In this study, a team from France evaluated the complications of radiofrequency ablation of hepatic tumors.
They assessed 312 patients, who underwent 350 sessions of radiofrequency ablation for treatment of 582 liver tumors, over a 5-year period.
The team used the chi-square test for a group-to-group comparison of adverse events.
They found that 11% of adverse events and 1% of deaths were related to radiofrequency treatment.
|11% of adverse events were related to radiofrequency treatment.|
|American Journal of Roentgenology|
They also determined that portal vein thrombosis occurred more frequently in cirrhotic livers than in noncirrhotic livers after intraoperative radiofrequency ablation.
However, liver abscess was the most common complication.
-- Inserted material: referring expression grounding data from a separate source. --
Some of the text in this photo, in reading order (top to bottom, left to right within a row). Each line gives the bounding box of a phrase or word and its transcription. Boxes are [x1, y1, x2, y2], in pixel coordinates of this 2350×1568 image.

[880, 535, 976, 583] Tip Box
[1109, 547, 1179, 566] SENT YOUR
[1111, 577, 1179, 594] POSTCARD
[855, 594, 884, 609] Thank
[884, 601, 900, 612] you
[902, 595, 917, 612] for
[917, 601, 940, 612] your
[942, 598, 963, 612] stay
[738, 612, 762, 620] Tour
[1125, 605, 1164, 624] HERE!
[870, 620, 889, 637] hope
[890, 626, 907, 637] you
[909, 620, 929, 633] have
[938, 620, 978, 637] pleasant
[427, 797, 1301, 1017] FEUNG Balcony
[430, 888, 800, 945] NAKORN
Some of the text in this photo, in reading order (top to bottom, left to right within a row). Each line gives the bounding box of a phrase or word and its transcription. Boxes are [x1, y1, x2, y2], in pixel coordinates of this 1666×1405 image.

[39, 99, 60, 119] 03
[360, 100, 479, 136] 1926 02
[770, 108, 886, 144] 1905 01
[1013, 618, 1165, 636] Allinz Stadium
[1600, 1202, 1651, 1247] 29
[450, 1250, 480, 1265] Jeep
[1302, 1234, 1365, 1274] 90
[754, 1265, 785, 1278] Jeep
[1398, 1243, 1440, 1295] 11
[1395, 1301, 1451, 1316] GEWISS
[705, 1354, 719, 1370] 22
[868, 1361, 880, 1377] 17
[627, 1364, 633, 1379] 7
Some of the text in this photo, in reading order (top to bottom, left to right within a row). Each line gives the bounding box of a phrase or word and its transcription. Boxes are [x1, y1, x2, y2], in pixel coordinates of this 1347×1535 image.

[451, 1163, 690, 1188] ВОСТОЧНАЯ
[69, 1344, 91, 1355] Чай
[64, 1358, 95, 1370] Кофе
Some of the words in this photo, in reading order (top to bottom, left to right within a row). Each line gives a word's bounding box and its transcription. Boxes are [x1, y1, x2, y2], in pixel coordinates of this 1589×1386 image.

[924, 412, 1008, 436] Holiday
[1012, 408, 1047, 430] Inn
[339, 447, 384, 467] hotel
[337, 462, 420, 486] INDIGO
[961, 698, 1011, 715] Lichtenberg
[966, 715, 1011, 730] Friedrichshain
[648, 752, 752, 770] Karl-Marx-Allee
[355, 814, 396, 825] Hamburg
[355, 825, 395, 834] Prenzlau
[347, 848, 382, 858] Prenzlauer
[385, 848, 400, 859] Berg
This occurred more frequently in patients bearing a bilioenteric anastomosis.
Overall, the team identified 5 pleural effusions, 5 skin burns, 4 hypoxemias, 3 pneumothoraces, 2 small subcapsular hematomas, 1 acute renal insufficiency, 1 hemoperitoneum, and 1 needle-tract seeding.
However, they also found that minor complications did not require specific treatment or a prolonged hospital stay.
Of the major complications identified by the physicians, 4% required less than 5 days of hospitalization for treatment or surveillance, and 2% required more than 5 days for treatment.
Dr Thierry de Baère's team concluded, "Radiofrequency ablation of liver tumors is a well-tolerated technique".
However, "Caution should be exercised when treating patients with a bilioenteric anastomosis".
"Radiofrequency ablation during vascular occlusion in cirrhotic livers should be avoided".